__Try it__:
With the line containing "this 1920×1296 image." as the starting point, write out each line exactly through the final line of the listing, both ends included.

__Data records__:
• • • • •
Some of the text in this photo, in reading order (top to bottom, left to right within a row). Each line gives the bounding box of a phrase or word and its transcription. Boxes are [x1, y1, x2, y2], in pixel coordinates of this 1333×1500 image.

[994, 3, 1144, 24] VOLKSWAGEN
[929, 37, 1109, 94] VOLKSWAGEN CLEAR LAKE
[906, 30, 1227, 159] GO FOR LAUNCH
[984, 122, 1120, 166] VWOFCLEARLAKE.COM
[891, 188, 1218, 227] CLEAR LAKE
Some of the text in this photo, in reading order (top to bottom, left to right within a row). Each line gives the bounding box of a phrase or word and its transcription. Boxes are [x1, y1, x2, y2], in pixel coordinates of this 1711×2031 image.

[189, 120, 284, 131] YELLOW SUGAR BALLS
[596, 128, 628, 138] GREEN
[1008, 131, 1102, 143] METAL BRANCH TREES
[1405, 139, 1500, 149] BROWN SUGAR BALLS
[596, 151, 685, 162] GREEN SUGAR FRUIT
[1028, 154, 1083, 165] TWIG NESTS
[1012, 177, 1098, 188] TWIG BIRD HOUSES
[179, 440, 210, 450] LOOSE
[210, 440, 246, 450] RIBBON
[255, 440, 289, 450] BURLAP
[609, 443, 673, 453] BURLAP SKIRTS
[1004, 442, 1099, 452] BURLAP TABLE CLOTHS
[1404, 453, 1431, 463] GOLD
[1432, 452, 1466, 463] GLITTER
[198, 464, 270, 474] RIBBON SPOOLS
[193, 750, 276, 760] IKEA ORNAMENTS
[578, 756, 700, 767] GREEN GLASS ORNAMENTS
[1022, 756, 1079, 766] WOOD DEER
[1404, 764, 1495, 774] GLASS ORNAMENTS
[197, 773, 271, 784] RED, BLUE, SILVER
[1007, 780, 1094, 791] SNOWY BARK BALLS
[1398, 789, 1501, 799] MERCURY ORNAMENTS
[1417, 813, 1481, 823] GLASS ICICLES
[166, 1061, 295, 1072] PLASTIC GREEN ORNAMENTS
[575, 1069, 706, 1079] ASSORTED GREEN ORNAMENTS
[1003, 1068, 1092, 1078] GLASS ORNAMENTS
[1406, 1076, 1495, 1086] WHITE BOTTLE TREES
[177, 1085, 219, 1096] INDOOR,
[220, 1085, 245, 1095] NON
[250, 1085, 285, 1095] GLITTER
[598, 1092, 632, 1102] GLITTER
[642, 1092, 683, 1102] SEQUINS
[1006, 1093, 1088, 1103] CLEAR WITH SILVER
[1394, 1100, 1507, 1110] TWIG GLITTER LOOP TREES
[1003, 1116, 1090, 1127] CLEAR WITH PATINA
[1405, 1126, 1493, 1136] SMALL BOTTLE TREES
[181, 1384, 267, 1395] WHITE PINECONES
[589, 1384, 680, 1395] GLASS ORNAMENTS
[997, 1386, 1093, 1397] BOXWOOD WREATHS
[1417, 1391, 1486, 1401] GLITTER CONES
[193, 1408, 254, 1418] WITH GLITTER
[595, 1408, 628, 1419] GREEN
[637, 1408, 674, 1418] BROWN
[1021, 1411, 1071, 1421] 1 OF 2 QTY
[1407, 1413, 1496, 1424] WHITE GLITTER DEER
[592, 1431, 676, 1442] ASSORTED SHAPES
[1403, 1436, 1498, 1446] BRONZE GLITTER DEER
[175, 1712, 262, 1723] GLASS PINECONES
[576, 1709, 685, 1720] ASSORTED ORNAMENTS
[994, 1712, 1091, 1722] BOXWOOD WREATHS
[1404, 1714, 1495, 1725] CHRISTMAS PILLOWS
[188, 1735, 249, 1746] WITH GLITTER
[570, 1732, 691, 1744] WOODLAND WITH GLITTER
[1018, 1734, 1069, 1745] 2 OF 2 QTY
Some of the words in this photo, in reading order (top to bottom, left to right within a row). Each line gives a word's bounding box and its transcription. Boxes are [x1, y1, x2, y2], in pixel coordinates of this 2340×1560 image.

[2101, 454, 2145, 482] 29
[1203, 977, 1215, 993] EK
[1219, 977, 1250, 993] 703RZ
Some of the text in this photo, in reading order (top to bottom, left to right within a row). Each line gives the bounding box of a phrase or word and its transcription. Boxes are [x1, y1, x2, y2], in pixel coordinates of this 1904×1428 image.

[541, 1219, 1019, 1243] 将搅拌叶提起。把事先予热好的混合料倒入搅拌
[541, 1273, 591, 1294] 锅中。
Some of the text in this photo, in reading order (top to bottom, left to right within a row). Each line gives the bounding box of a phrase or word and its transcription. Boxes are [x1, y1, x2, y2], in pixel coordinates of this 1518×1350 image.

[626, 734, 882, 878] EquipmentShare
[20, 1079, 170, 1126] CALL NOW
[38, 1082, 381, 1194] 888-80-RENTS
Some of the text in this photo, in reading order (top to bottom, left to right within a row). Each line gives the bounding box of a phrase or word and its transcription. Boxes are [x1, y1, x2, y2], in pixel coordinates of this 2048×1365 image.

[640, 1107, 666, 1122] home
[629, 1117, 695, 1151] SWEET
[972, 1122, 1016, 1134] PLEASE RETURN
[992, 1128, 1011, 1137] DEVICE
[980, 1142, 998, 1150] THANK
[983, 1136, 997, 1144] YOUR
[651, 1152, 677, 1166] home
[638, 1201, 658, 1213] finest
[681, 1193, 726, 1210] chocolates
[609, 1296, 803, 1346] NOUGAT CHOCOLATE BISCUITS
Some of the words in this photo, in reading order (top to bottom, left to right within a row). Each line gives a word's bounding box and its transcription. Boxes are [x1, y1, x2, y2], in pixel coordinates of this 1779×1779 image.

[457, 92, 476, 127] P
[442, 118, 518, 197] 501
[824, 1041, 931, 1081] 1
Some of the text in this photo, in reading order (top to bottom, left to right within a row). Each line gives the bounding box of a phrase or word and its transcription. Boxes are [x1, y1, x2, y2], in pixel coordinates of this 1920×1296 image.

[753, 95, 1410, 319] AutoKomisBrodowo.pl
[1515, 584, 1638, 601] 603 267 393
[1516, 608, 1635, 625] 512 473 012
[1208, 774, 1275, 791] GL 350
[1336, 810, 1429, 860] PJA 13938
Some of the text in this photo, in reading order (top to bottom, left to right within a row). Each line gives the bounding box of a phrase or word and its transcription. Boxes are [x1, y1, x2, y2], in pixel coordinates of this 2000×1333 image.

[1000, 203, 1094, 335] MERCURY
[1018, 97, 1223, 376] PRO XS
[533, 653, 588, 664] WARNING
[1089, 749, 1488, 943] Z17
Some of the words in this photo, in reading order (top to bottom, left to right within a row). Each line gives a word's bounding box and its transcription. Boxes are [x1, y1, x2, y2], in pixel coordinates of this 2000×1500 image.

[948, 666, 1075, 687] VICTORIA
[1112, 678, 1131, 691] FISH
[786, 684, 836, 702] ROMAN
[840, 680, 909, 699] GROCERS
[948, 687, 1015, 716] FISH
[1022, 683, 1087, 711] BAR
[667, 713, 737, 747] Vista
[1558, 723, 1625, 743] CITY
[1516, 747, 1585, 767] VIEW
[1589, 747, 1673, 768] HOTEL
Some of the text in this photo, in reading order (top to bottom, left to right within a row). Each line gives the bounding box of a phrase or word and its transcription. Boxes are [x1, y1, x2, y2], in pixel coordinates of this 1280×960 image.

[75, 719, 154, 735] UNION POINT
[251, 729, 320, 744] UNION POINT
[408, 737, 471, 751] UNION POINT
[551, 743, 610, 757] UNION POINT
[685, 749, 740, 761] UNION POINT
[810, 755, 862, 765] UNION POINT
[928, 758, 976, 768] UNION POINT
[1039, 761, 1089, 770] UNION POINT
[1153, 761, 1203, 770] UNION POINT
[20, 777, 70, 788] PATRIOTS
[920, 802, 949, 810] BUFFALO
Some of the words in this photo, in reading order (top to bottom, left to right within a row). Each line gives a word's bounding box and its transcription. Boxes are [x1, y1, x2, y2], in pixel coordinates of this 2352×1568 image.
• • • • •
__Answer box__:
Some of the text in this photo, in reading order (top to bottom, left to right within a row). Each line gives the bounding box of a phrase or word and its transcription. Boxes are [x1, y1, x2, y2], in pixel coordinates of this 1920×1296 image.

[753, 95, 1410, 319] AutoKomisBrodowo.pl
[1515, 584, 1638, 601] 603 267 393
[1516, 608, 1635, 625] 512 473 012
[1208, 774, 1275, 791] GL 350
[1336, 810, 1429, 860] PJA 13938
Some of the text in this photo, in reading order (top to bottom, left to right within a row). Each line gives the bounding box of a phrase or word and its transcription. Boxes are [x1, y1, x2, y2], in pixel coordinates of this 2000×1333 image.

[1000, 203, 1094, 335] MERCURY
[1018, 97, 1223, 376] PRO XS
[533, 653, 588, 664] WARNING
[1089, 749, 1488, 943] Z17
Some of the words in this photo, in reading order (top to bottom, left to right within a row). Each line gives a word's bounding box and its transcription. Boxes are [x1, y1, x2, y2], in pixel coordinates of this 2000×1500 image.

[948, 666, 1075, 687] VICTORIA
[1112, 678, 1131, 691] FISH
[786, 684, 836, 702] ROMAN
[840, 680, 909, 699] GROCERS
[948, 687, 1015, 716] FISH
[1022, 683, 1087, 711] BAR
[667, 713, 737, 747] Vista
[1558, 723, 1625, 743] CITY
[1516, 747, 1585, 767] VIEW
[1589, 747, 1673, 768] HOTEL
Some of the text in this photo, in reading order (top to bottom, left to right within a row). Each line gives the bounding box of a phrase or word and its transcription. Boxes are [x1, y1, x2, y2], in pixel coordinates of this 1280×960 image.

[75, 719, 154, 735] UNION POINT
[251, 729, 320, 744] UNION POINT
[408, 737, 471, 751] UNION POINT
[551, 743, 610, 757] UNION POINT
[685, 749, 740, 761] UNION POINT
[810, 755, 862, 765] UNION POINT
[928, 758, 976, 768] UNION POINT
[1039, 761, 1089, 770] UNION POINT
[1153, 761, 1203, 770] UNION POINT
[20, 777, 70, 788] PATRIOTS
[920, 802, 949, 810] BUFFALO
Some of the words in this photo, in reading order (top to bottom, left to right within a row). Each line gives a word's bounding box and its transcription. Boxes are [x1, y1, x2, y2], in pixel coordinates of this 2352×1568 image.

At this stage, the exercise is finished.